▶ **Problem**: Exact copies are required of the lines from the line containing "this 2000×1500 image." through the final line of the listing, both included, and of no other lines.

▶ **Record set**:

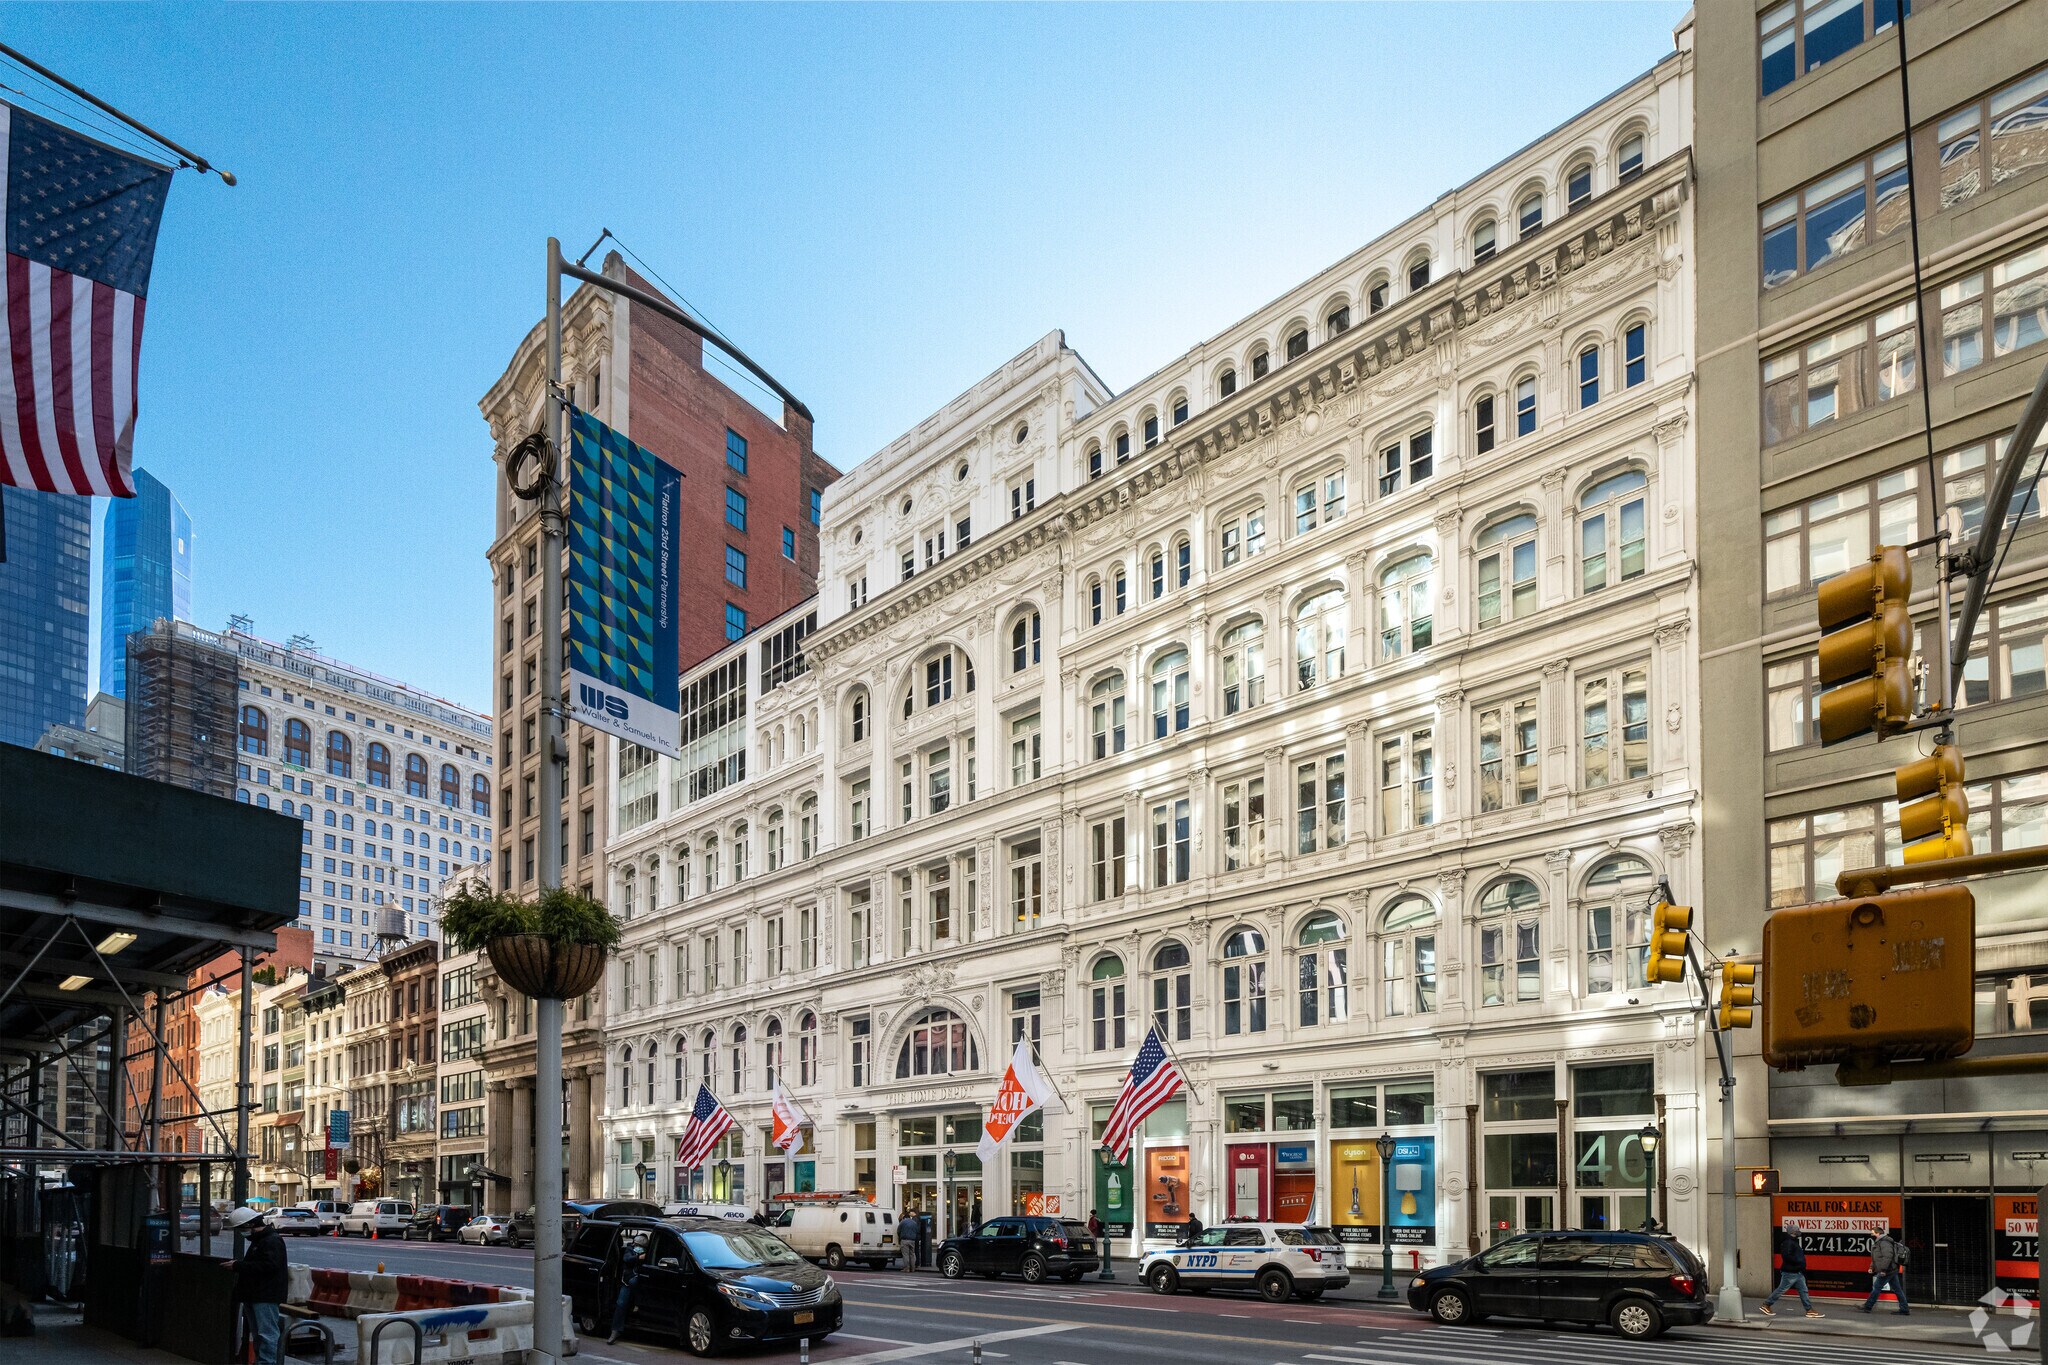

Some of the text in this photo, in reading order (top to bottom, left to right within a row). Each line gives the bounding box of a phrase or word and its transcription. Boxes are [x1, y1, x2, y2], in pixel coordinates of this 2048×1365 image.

[662, 492, 670, 526] Flatiron
[659, 578, 668, 628] Partnership
[580, 705, 672, 748] Walter & Samuels Inc.
[886, 1085, 974, 1106] THE HOME DEPOT
[1344, 1148, 1366, 1158] dyson
[1788, 1200, 1882, 1213] RETAIL FOR LEASE
[2012, 1202, 2037, 1214] RET
[1798, 1220, 1822, 1230] WEST
[1824, 1220, 1849, 1230] 23RD
[1852, 1220, 1887, 1230] STREET
[2008, 1222, 2021, 1232] 50
[159, 1229, 169, 1240] P
[1187, 1255, 1217, 1267] NYPD
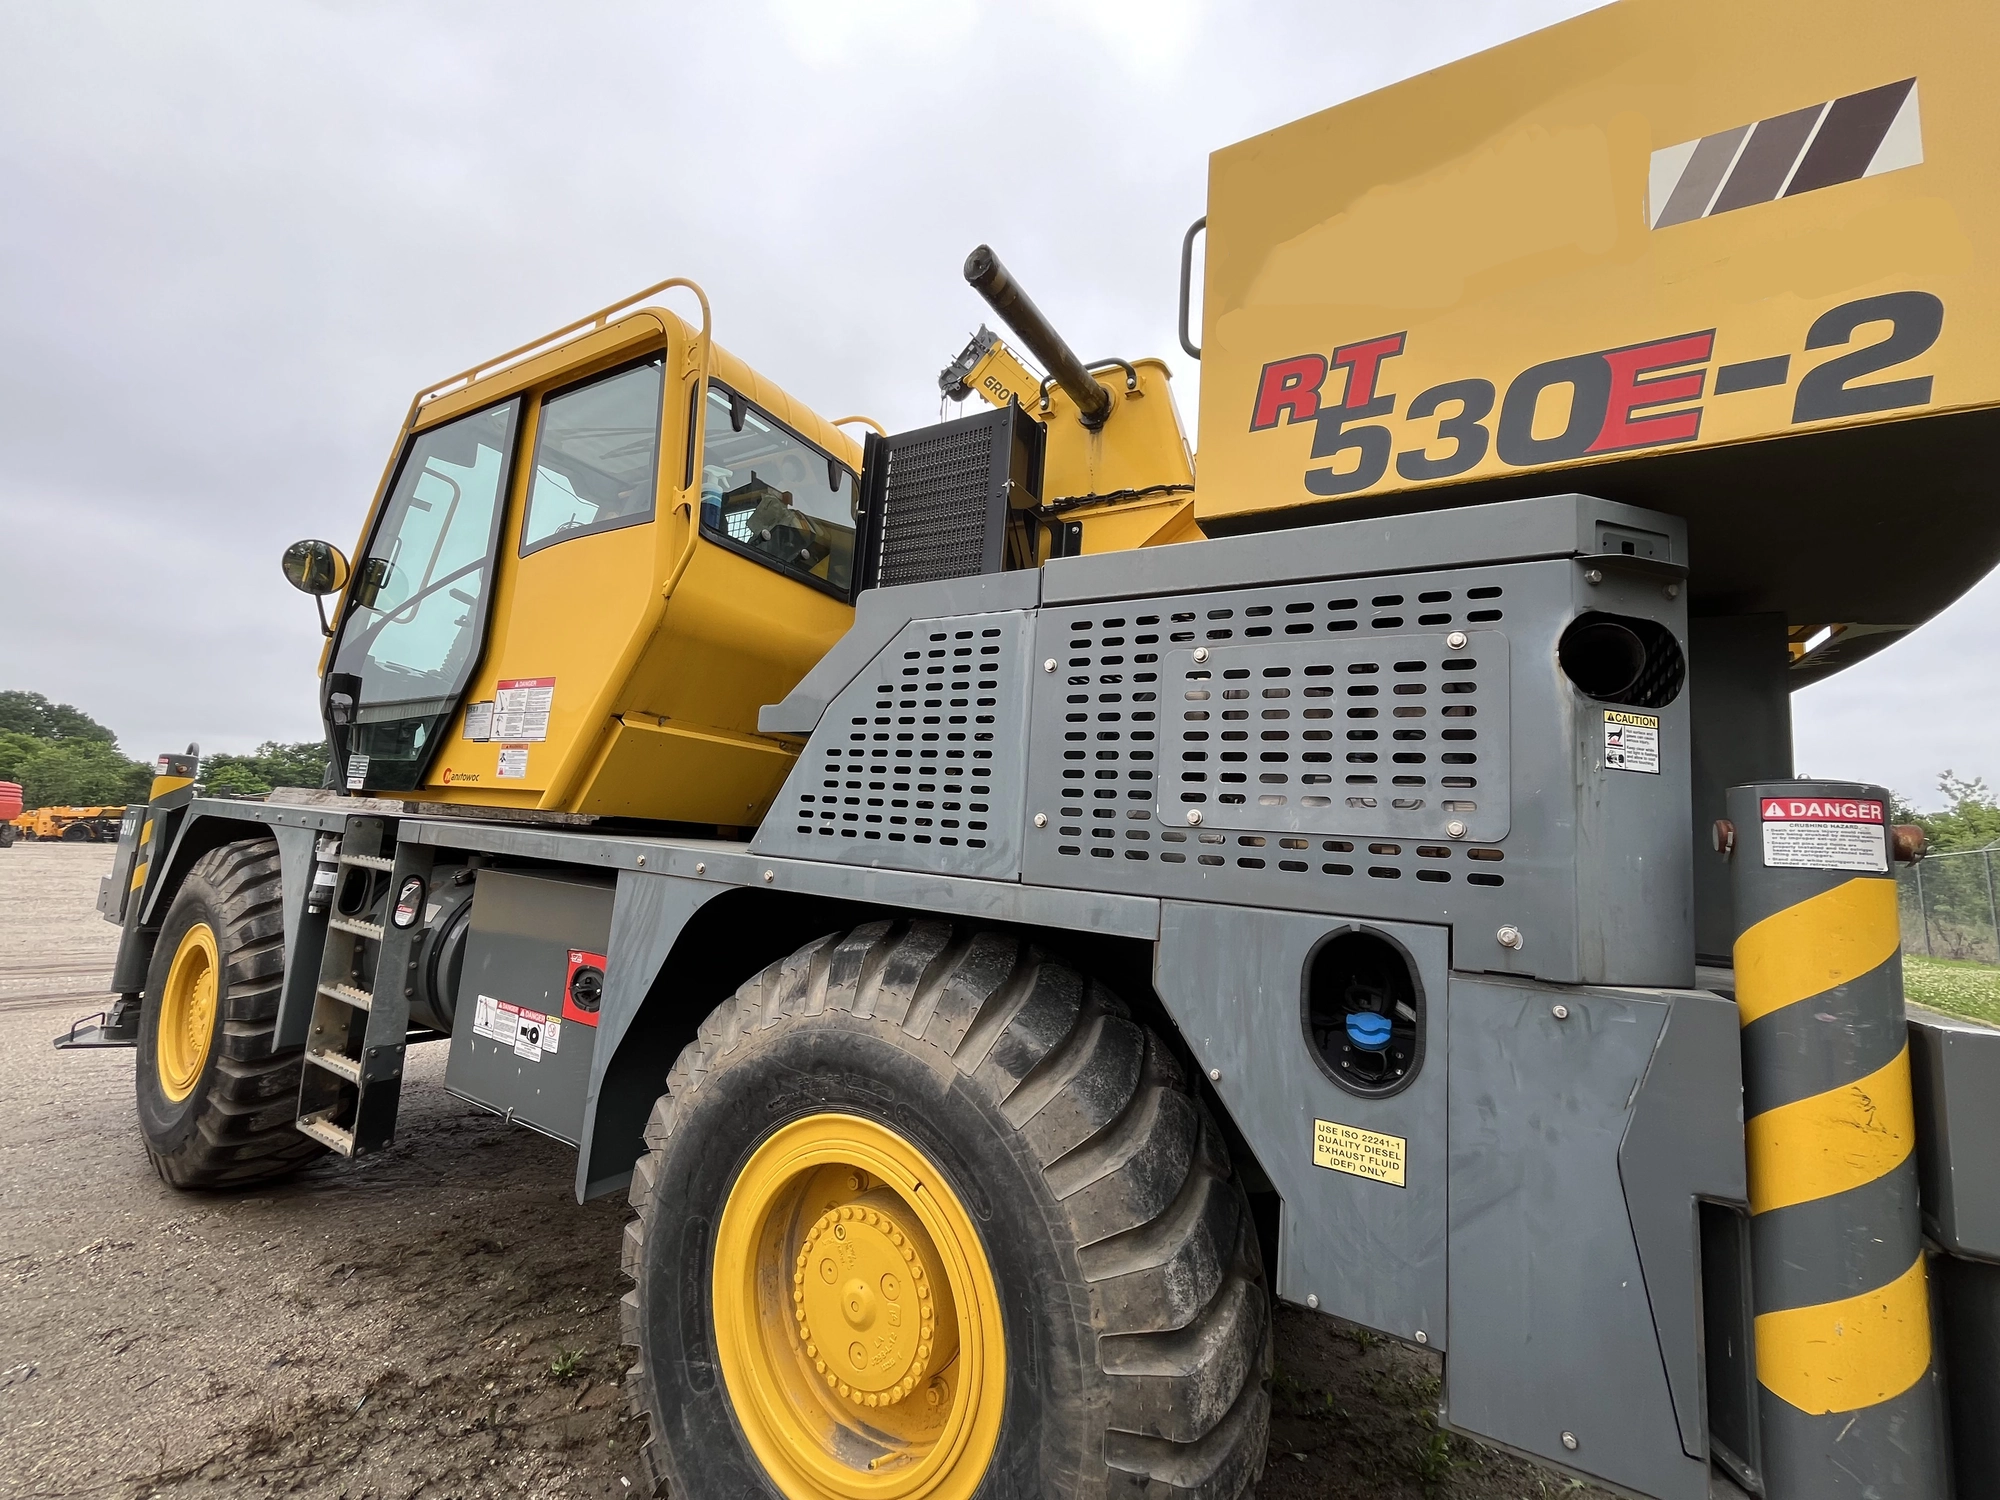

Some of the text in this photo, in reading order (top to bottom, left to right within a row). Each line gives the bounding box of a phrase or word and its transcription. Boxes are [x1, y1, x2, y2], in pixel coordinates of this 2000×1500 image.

[984, 376, 1022, 406] GRO
[1249, 330, 1407, 433] RT
[1303, 290, 1944, 496] 530E-2
[1616, 714, 1656, 726] CAUTION
[1790, 802, 1882, 820] DANGER
[525, 1010, 545, 1023] DANGER
[1318, 1135, 1401, 1160] QUALITY DIESEL
[1319, 1124, 1400, 1149] USE ISO 22241-1
[1319, 1145, 1399, 1170] EXHAUST FLUID
[1330, 1158, 1386, 1177] (DEF) ONLY

▶ **Reply to the task**:
Some of the text in this photo, in reading order (top to bottom, left to right within a row). Each line gives the bounding box of a phrase or word and its transcription. Boxes are [x1, y1, x2, y2], in pixel coordinates of this 2000×1500 image.

[984, 376, 1022, 406] GRO
[1249, 330, 1407, 433] RT
[1303, 290, 1944, 496] 530E-2
[1616, 714, 1656, 726] CAUTION
[1790, 802, 1882, 820] DANGER
[525, 1010, 545, 1023] DANGER
[1318, 1135, 1401, 1160] QUALITY DIESEL
[1319, 1124, 1400, 1149] USE ISO 22241-1
[1319, 1145, 1399, 1170] EXHAUST FLUID
[1330, 1158, 1386, 1177] (DEF) ONLY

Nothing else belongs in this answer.